Eider Canal
Eider Canal | |
---|---|
Specifications | |
Length | 107 miles (172 km) (Man-made segment ran for 26 miles (42 km)[1]) |
Locks | 6 |
Maximum height above sea level | 23 ft (7.0 m) |
Status | Replaced by Kiel Canal |
History | |
Date of act | 14 April 1774 |
Construction began | 1776 |
Date completed | 1784 |
Date closed | 1887 |
Geography | |
Start point | Tönning (North Sea) |
End point | Kiel (Baltic Sea) |
The Eider Canal (also called the Schleswig-Holstein Canal) was an artificial waterway in southern Denmark (later northern Germany) which connected the North Sea with the Baltic Sea by way of the rivers Eider and Levensau.
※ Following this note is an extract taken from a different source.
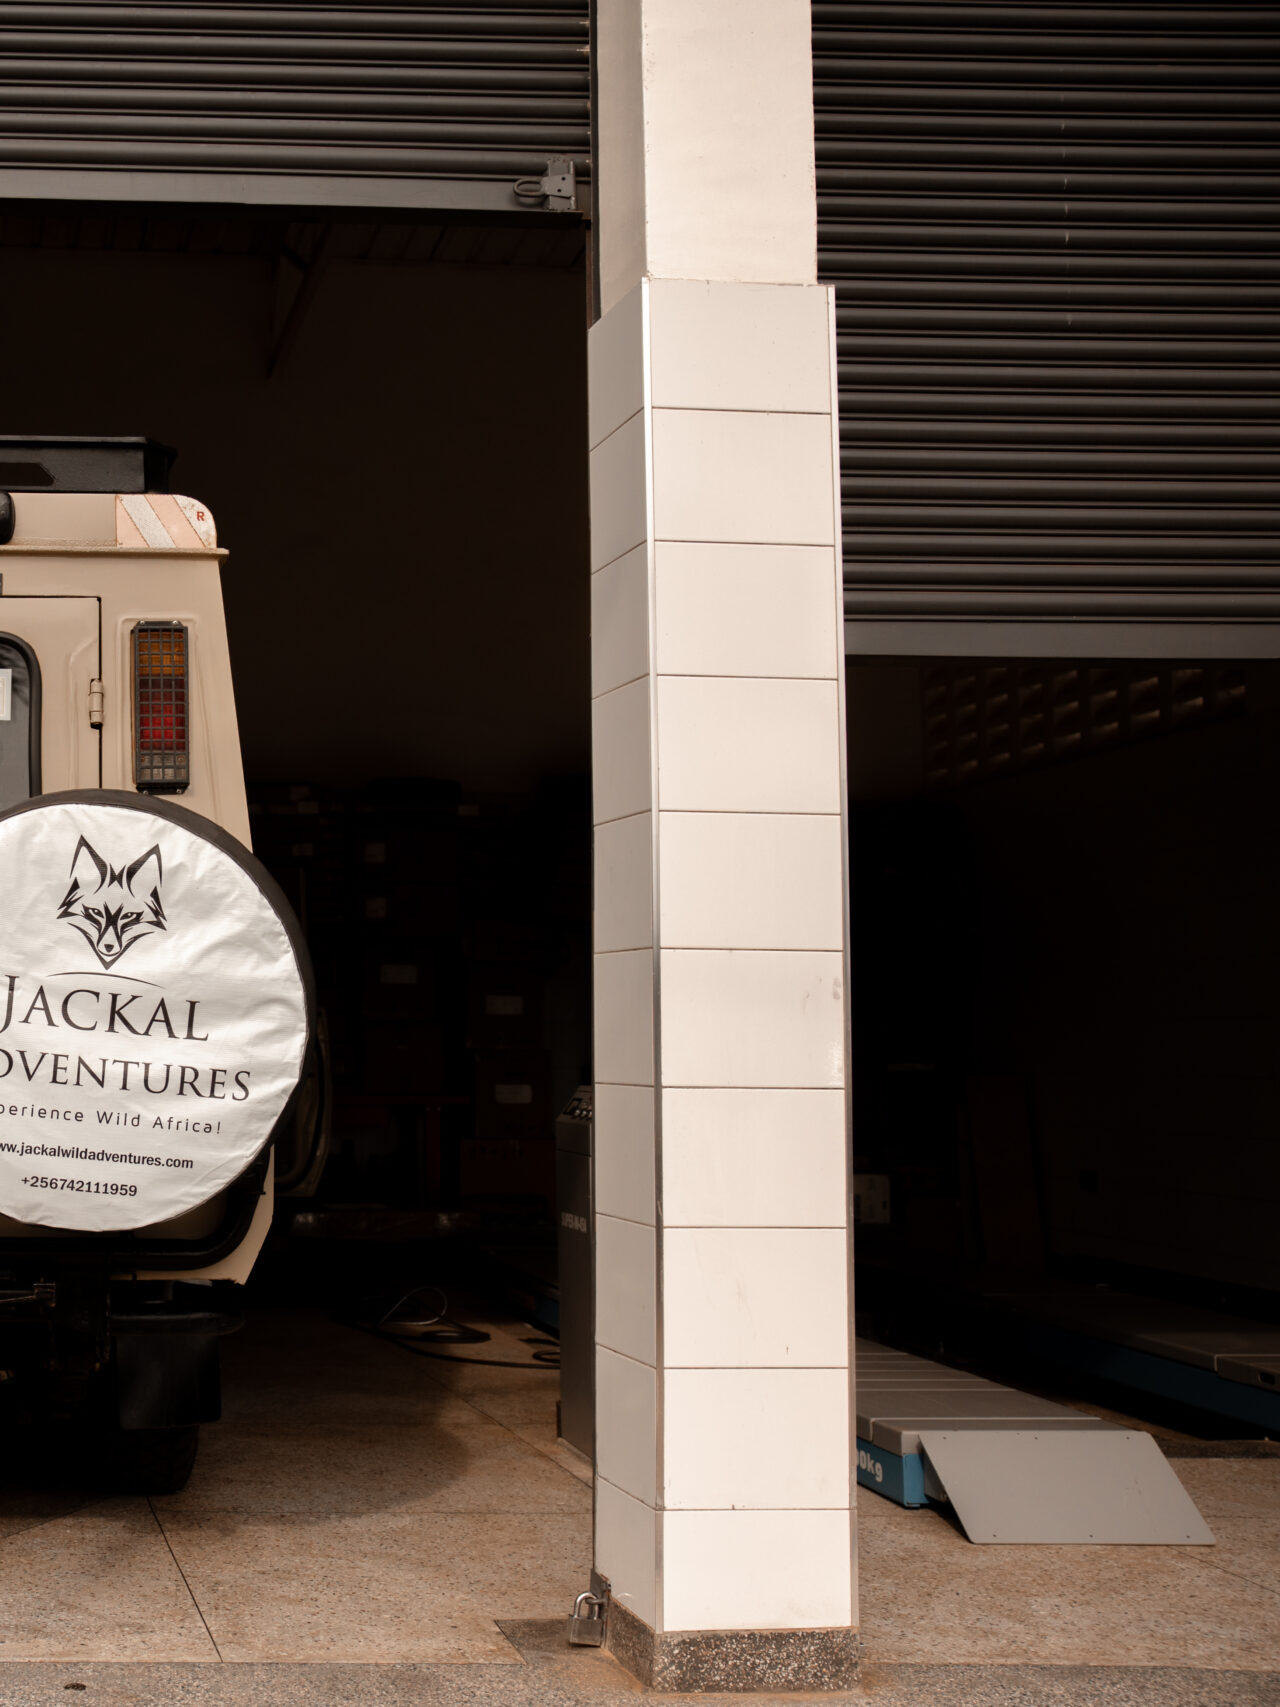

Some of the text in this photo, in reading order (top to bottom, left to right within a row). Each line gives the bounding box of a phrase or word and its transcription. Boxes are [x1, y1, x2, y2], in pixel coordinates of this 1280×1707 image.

Constructed between 1777 and 1784, the Eider Canal was built to create a path for ships entering and exiting the Baltic that was shorter and less storm-prone than navigating around the Jutland peninsula. In the 1880s the canal was replaced by the enlarged Kiel Canal, which includes some of the Eider Canal's watercourse.[2]
Names
[edit]The canal's watercourse followed the border between the duchies of Schleswig and Holstein, and from the time of its construction it was known as the "Schleswig-Holstein Canal". After the First Schleswig War, the Danish government renamed the waterway the "Eider Canal" to resist the German nationalist idea of Schleswig-Holstein as a single political entity; but, when the region passed into Prussian control after the Second Schleswig War, the name was reverted to the "Schleswig-Holstein Canal." In modern historiography the canal is referred to by either name.[3]
History
[edit]As early as 1571 Duke Adolf I of Holstein-Gottorp proposed to build an artificial waterway across Schleswig-Holstein by connecting an eastward bend of the River Eider to the Baltic Sea, so as to compete with the nearby Stecknitz Canal for merchant traffic.[4] At the time the Duke of Holstein-Gottorp was a vassal of the Kingdom of Denmark, but the dukes of Schleswig-Holstein were perennial enemies to their Danish suzerains, and the political fragmentation of the region and the ongoing conflict over its rightful rule posed an insurmountable obstacle to such a large project.[5] The prospect of a canal was again raised in the 1600s under King Christian IV and Duke Frederick III.[6]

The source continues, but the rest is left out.